What is the present value of a security that will pay \(\$ 5,000\) in 20 years if securities of equal risk pay \(7 \%\) annually?

You want to buy a car, and a local bank will lend you \(\$ 20,000 .\) The loan will be fully amortized over 5 years \((60\) months), and the nominal interest rate will be \(12 \%\) with interest paid monthly. What will be the monthly loan payment? What will be the loan's EAR?

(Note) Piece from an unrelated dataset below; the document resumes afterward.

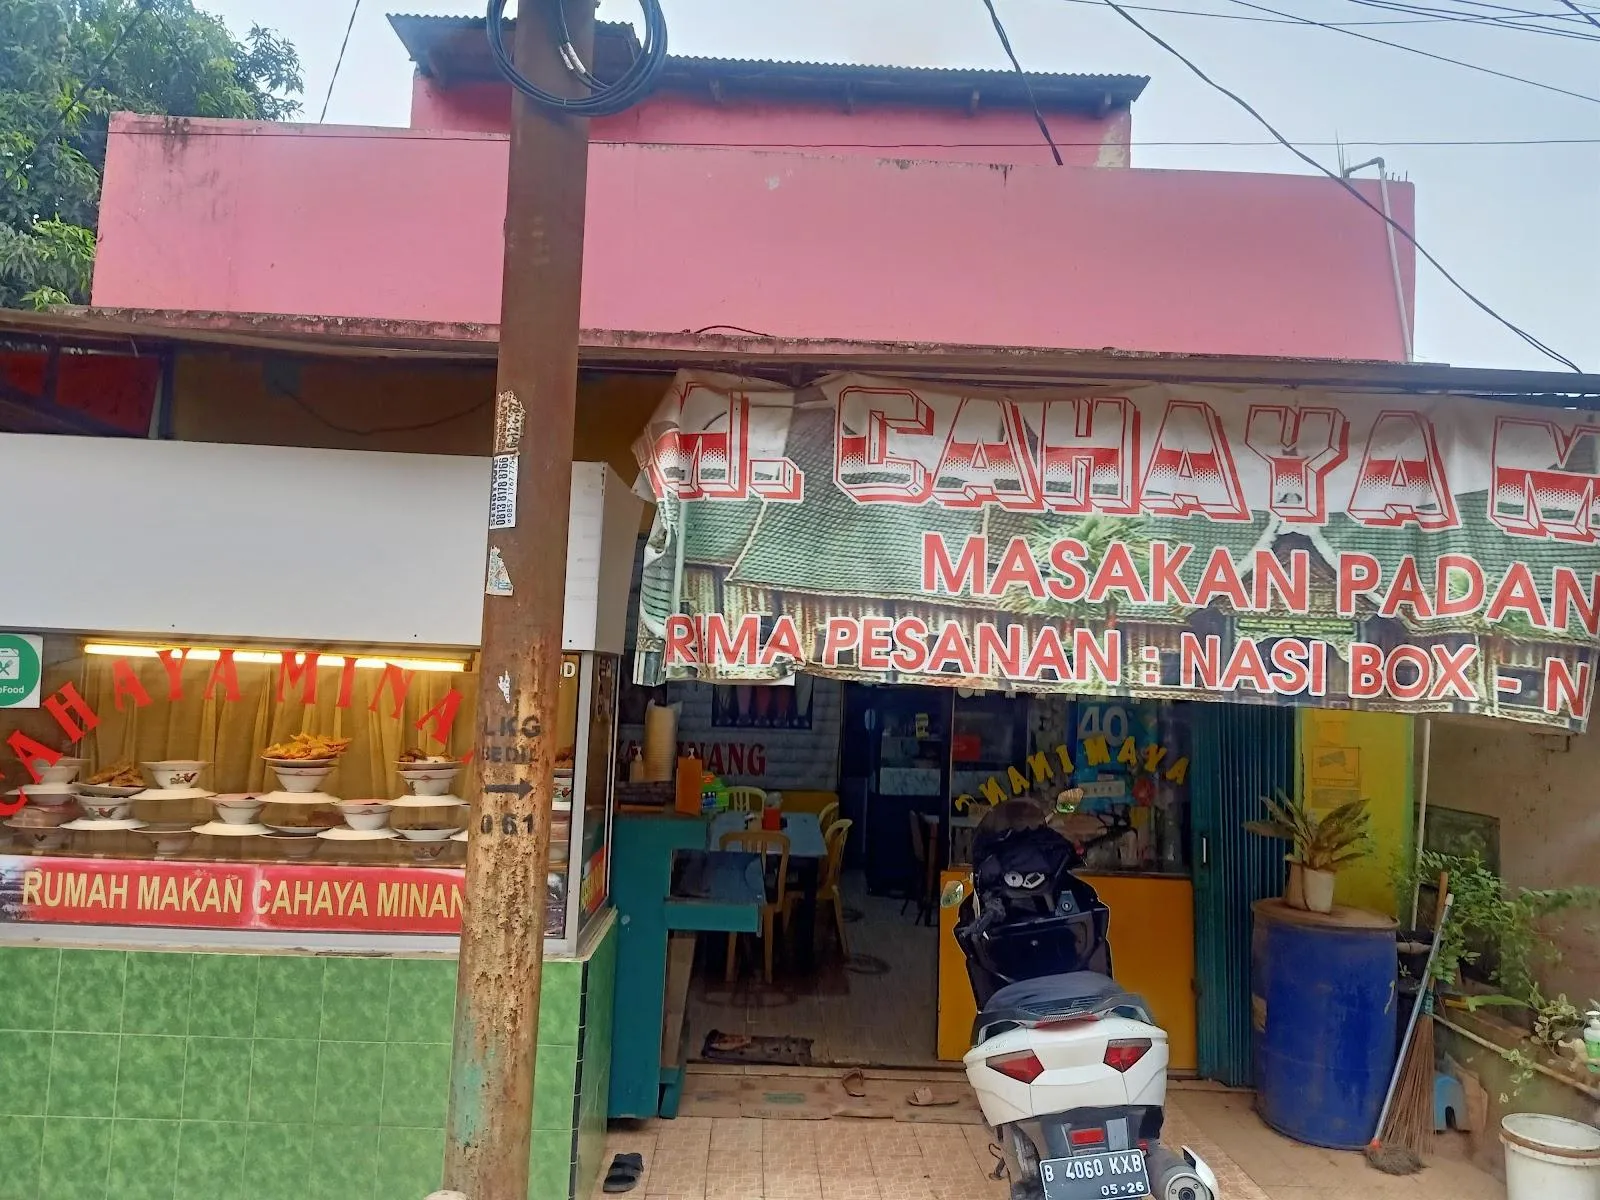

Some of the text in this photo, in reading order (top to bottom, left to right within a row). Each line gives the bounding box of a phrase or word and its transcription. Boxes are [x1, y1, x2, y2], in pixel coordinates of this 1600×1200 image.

UNEVEN CASH FLOW STREAM a. Find the present values of the following cash flow streams at \(8 \%\) compounded annually. $$\begin{array}{lcccccc} & 0 & 1 & 2 & 3 & 4 & 5 \\ & & & & & & & \\\\\text { Stream A } & \$ 0 & \$ 100 & \$ 400 & \$ 400 & \$ 400 & \$ 300 \\ \text { Stream B } & \$ 0 & \$ 300 & \$ 400 & \$ 400 & \$ 400 & \$ 100\end{array}$$ b. What are the PVs of the streams at \(0 \%\) compounded annually?

Your client is 40 years old; and she wants to begin saving for retirement, with the first payment to come one year from now. She can save \(\$ 5,000\) per year; and you advise her to invest it in the stock market, which you expect to provide an average return of \(9 \%\) in the future. a. If she follows your advice, how much money will she have at \(65 ?\) b. How much will she have at \(70 ?\) c. She expects to live for 20 years if she retires at 65 and for 15 years if she retires at 70 . If her investments continue to earn the same rate, how much will she be able to withdraw at the end of each year after retirement at each retirement age?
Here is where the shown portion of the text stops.